Records contained in a dataset:
----------

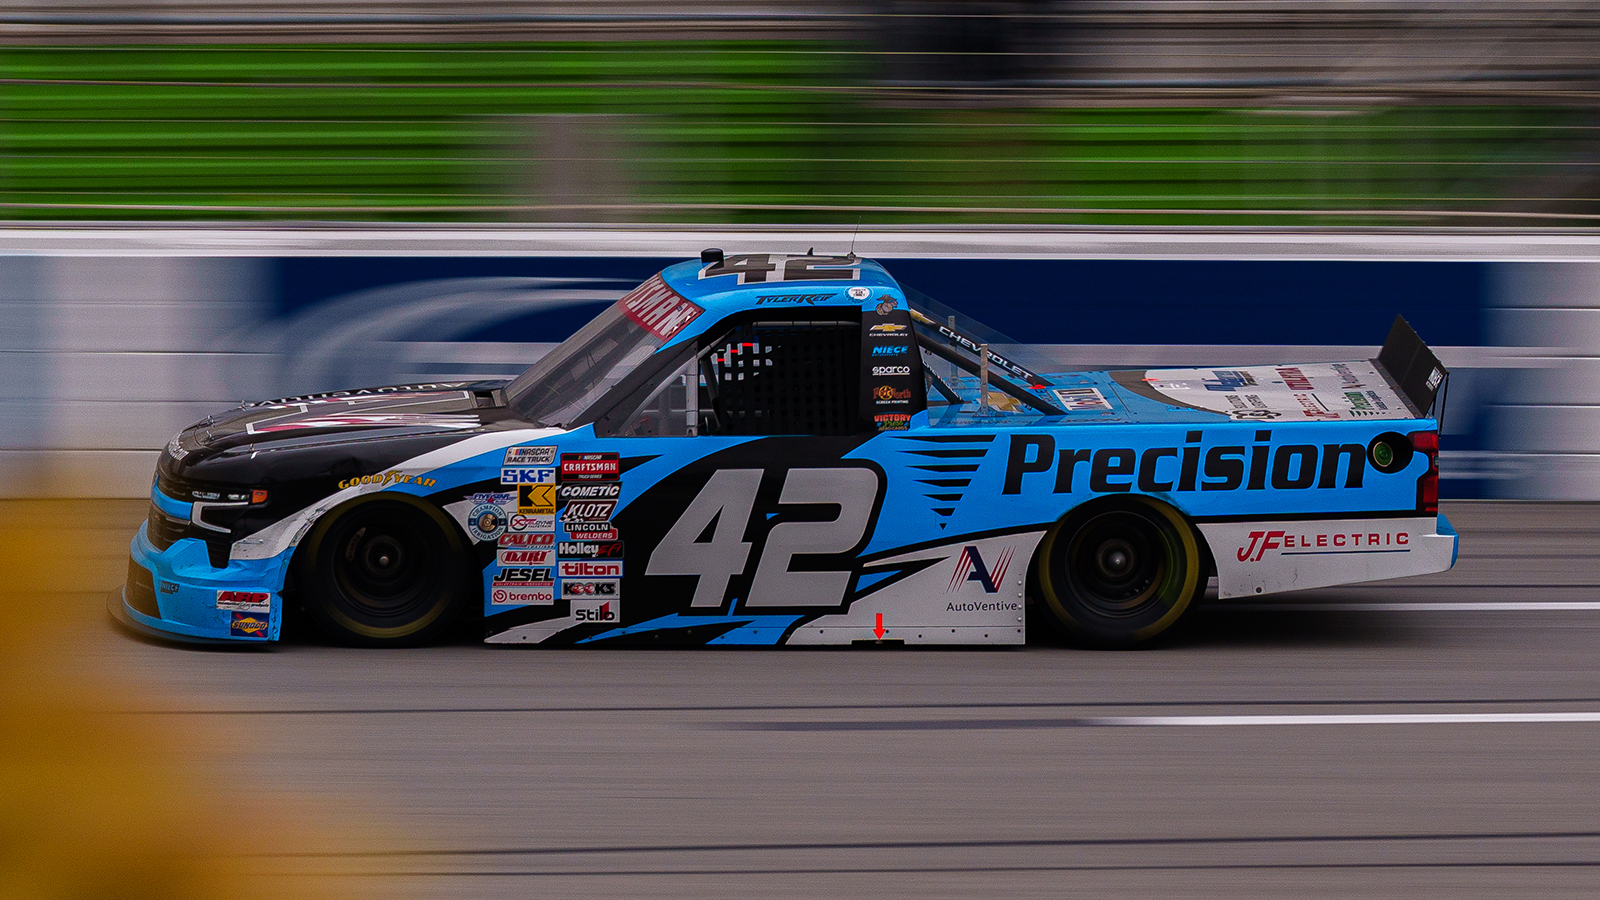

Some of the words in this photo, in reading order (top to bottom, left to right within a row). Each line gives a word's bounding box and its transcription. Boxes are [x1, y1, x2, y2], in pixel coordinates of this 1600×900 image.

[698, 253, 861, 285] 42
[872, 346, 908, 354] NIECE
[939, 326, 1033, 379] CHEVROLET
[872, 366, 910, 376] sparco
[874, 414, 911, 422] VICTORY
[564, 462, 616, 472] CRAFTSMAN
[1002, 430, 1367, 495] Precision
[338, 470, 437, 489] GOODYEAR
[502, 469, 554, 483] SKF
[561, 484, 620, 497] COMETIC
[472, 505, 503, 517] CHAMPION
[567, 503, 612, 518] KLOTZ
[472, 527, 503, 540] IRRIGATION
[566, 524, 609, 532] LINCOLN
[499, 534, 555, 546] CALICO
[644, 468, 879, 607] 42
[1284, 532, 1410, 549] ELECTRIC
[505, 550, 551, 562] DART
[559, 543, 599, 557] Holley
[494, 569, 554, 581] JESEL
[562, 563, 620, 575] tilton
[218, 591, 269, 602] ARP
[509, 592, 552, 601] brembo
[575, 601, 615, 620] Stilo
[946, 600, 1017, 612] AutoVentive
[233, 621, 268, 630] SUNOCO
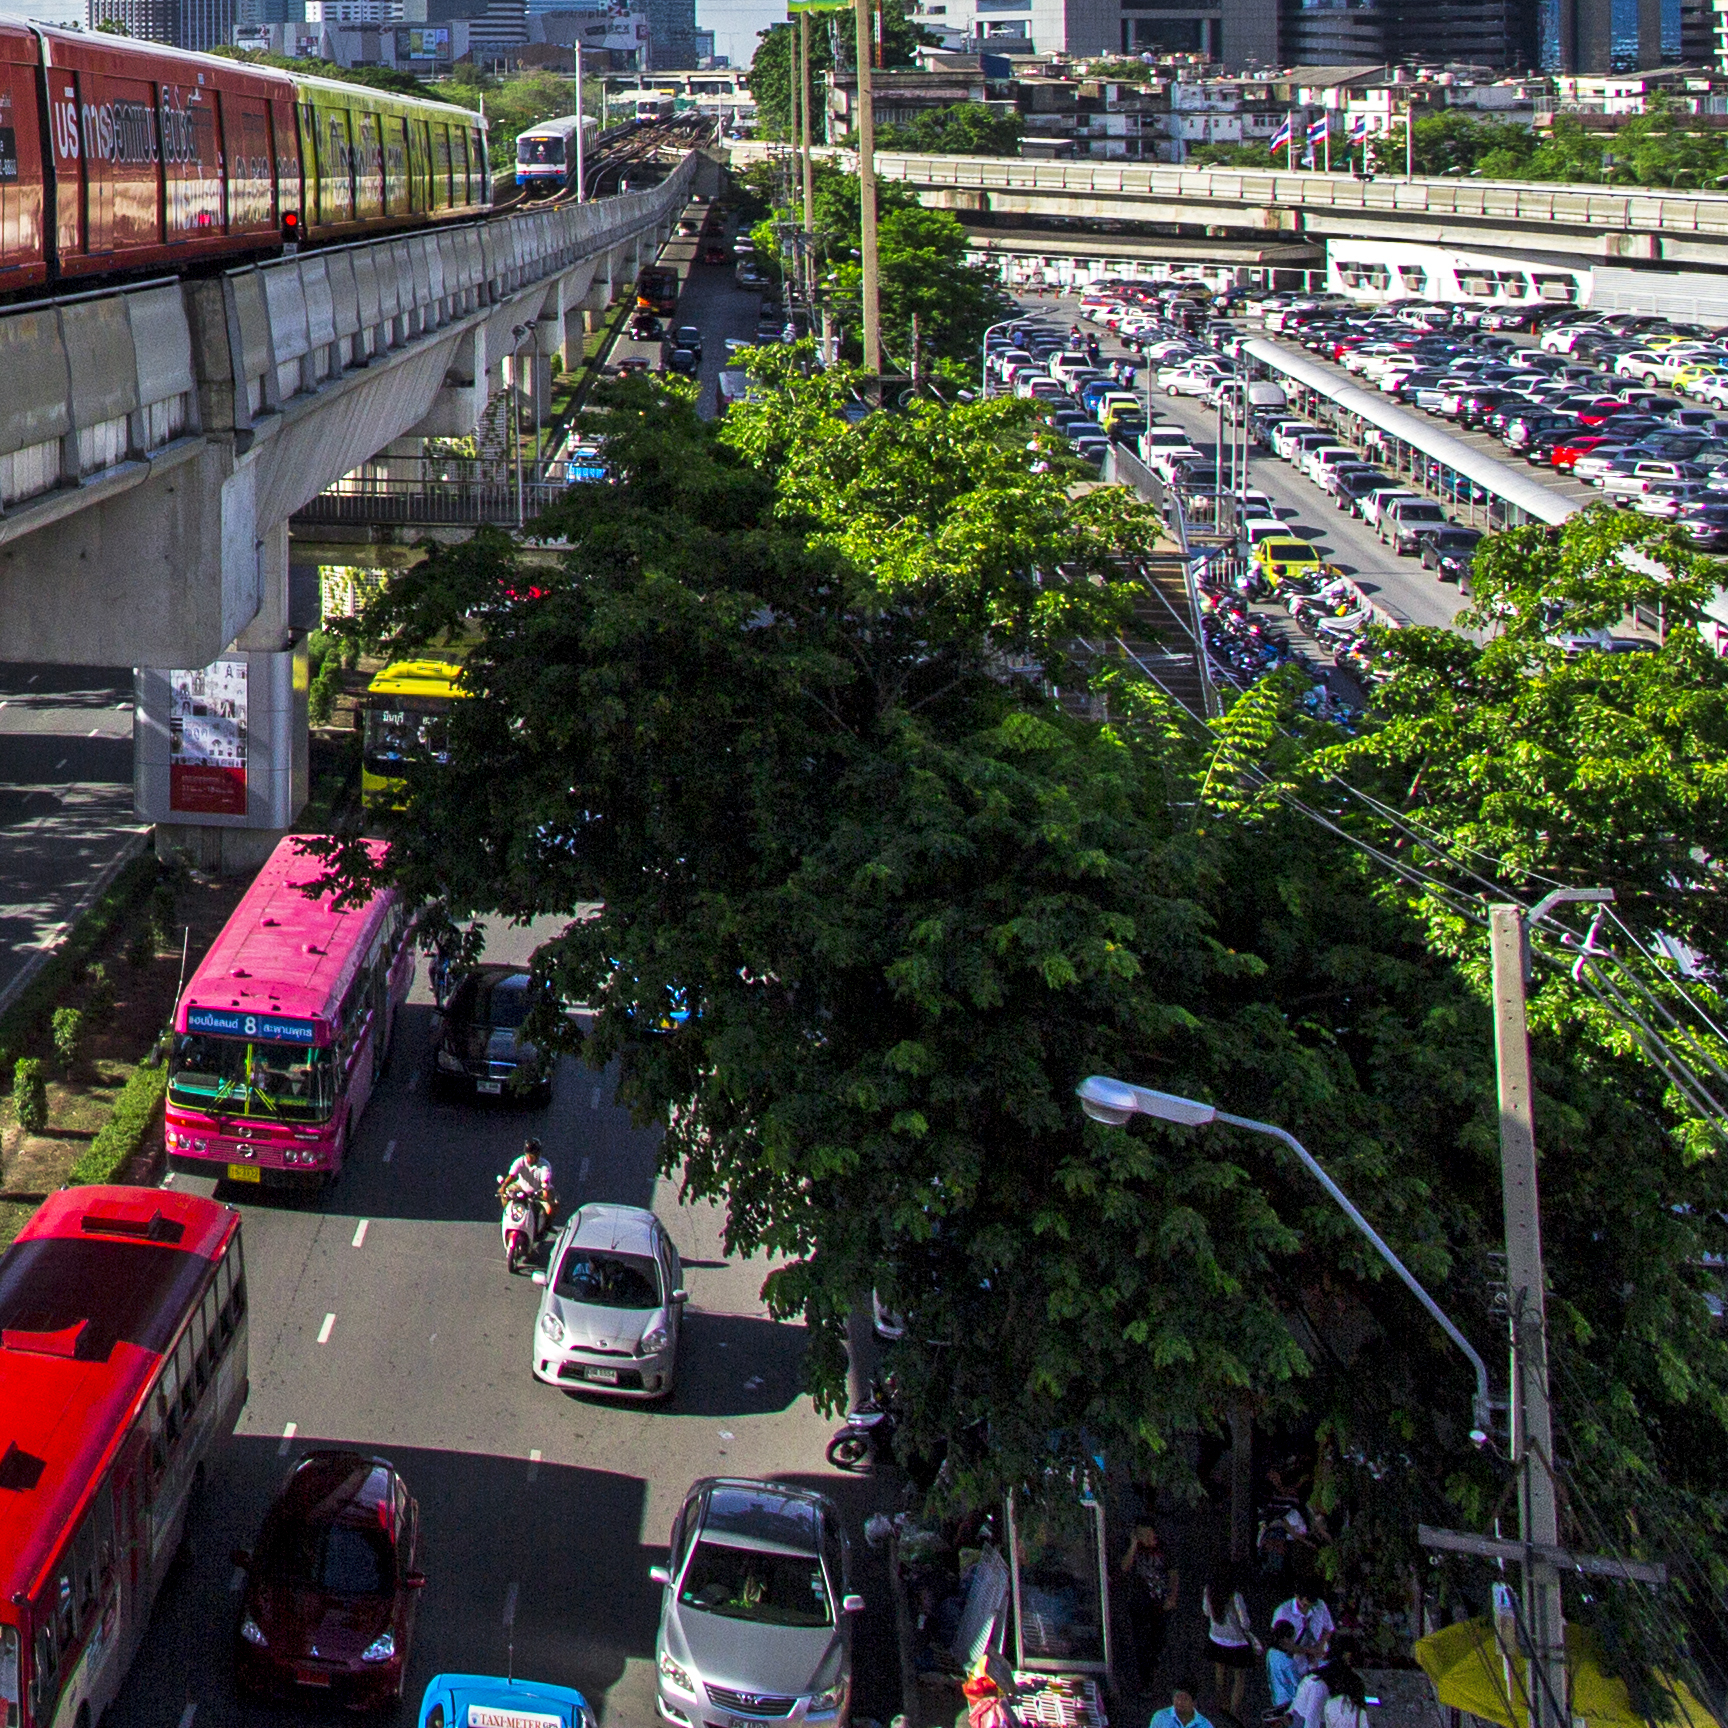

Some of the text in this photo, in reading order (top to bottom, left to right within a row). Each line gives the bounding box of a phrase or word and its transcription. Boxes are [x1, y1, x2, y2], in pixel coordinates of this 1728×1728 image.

----------

Exact repetition of each line above is expected; images are to be omitted.

Some of the words in this photo, in reading order (top to bottom, left to right within a row). Each line gives a word's bounding box and its transcription. Boxes are [x1, y1, x2, y2], in pixel coordinates of this 1600×900 image.

[698, 253, 861, 285] 42
[872, 346, 908, 354] NIECE
[939, 326, 1033, 379] CHEVROLET
[872, 366, 910, 376] sparco
[874, 414, 911, 422] VICTORY
[564, 462, 616, 472] CRAFTSMAN
[1002, 430, 1367, 495] Precision
[338, 470, 437, 489] GOODYEAR
[502, 469, 554, 483] SKF
[561, 484, 620, 497] COMETIC
[472, 505, 503, 517] CHAMPION
[567, 503, 612, 518] KLOTZ
[472, 527, 503, 540] IRRIGATION
[566, 524, 609, 532] LINCOLN
[499, 534, 555, 546] CALICO
[644, 468, 879, 607] 42
[1284, 532, 1410, 549] ELECTRIC
[505, 550, 551, 562] DART
[559, 543, 599, 557] Holley
[494, 569, 554, 581] JESEL
[562, 563, 620, 575] tilton
[218, 591, 269, 602] ARP
[509, 592, 552, 601] brembo
[575, 601, 615, 620] Stilo
[946, 600, 1017, 612] AutoVentive
[233, 621, 268, 630] SUNOCO

Some of the text in this photo, in reading order (top to bottom, left to right within a row). Each line gives the bounding box of a phrase or word and its transcription. Boxes are [x1, y1, x2, y2], in pixel coordinates of this 1728×1728 image.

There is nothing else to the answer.